- [Problem description]
Everything in the data except the pictures belongs in your answer, copied exactly.
*** Provided material Section Begins ***
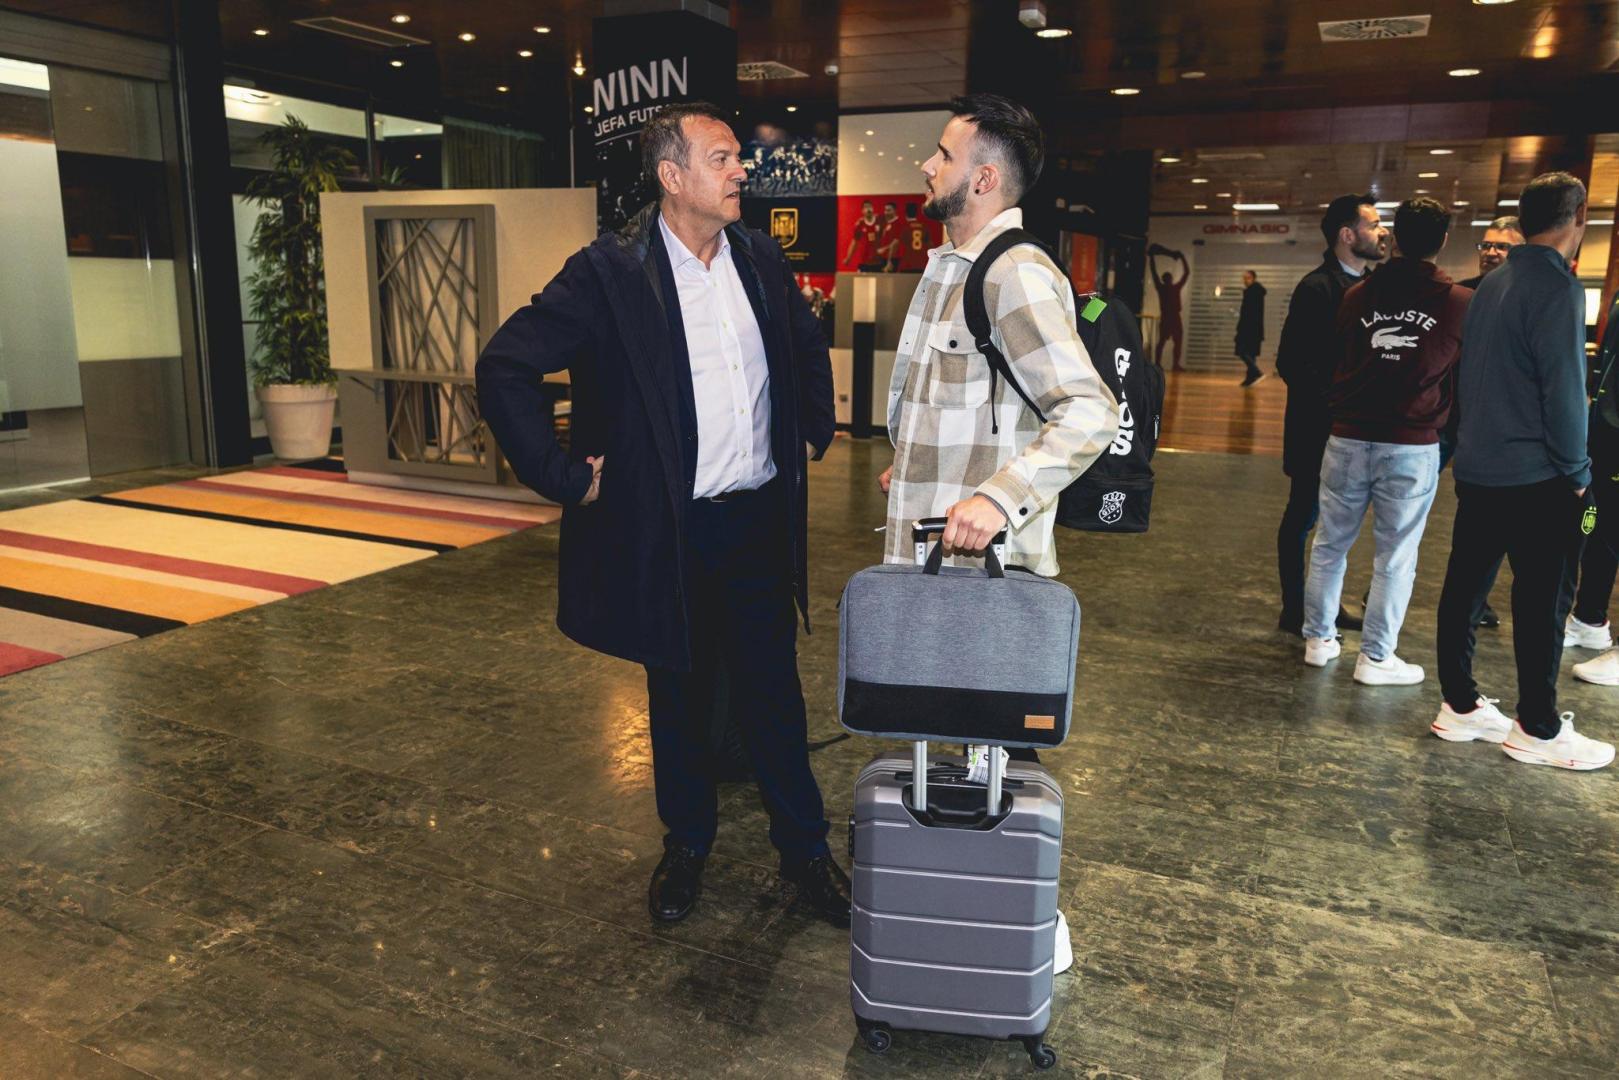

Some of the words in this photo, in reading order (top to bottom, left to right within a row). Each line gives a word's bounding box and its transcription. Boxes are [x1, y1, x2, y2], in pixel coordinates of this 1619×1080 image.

[1203, 224, 1290, 235] GIMNASIO
[911, 229, 923, 251] 8
[1381, 353, 1401, 361] PARIS
[1109, 347, 1135, 456] GOS
*** Provided material Section Ends ***
- [Written reply]
Some of the words in this photo, in reading order (top to bottom, left to right within a row). Each line gives a word's bounding box and its transcription. Boxes are [x1, y1, x2, y2], in pixel coordinates of this 1619×1080 image.

[1203, 224, 1290, 235] GIMNASIO
[911, 229, 923, 251] 8
[1381, 353, 1401, 361] PARIS
[1109, 347, 1135, 456] GOS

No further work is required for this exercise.